* [Task to complete]
Nothing in the records may be left out or reworded; return them exactly.

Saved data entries
========================================
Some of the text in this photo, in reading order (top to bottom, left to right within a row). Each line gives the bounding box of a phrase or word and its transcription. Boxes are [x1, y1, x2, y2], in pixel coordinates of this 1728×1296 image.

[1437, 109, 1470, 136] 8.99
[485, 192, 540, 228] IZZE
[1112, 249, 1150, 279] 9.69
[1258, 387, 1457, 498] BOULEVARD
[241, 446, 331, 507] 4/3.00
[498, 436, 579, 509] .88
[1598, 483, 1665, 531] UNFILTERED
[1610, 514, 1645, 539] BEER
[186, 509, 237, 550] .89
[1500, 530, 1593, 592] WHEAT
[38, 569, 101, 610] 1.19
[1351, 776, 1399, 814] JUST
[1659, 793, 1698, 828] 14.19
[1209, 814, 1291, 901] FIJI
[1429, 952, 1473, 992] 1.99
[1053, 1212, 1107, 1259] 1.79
========================================
* [Written response]
Some of the text in this photo, in reading order (top to bottom, left to right within a row). Each line gives the bounding box of a phrase or word and its transcription. Boxes are [x1, y1, x2, y2], in pixel coordinates of this 1728×1296 image.

[1437, 109, 1470, 136] 8.99
[485, 192, 540, 228] IZZE
[1112, 249, 1150, 279] 9.69
[1258, 387, 1457, 498] BOULEVARD
[241, 446, 331, 507] 4/3.00
[498, 436, 579, 509] .88
[1598, 483, 1665, 531] UNFILTERED
[1610, 514, 1645, 539] BEER
[186, 509, 237, 550] .89
[1500, 530, 1593, 592] WHEAT
[38, 569, 101, 610] 1.19
[1351, 776, 1399, 814] JUST
[1659, 793, 1698, 828] 14.19
[1209, 814, 1291, 901] FIJI
[1429, 952, 1473, 992] 1.99
[1053, 1212, 1107, 1259] 1.79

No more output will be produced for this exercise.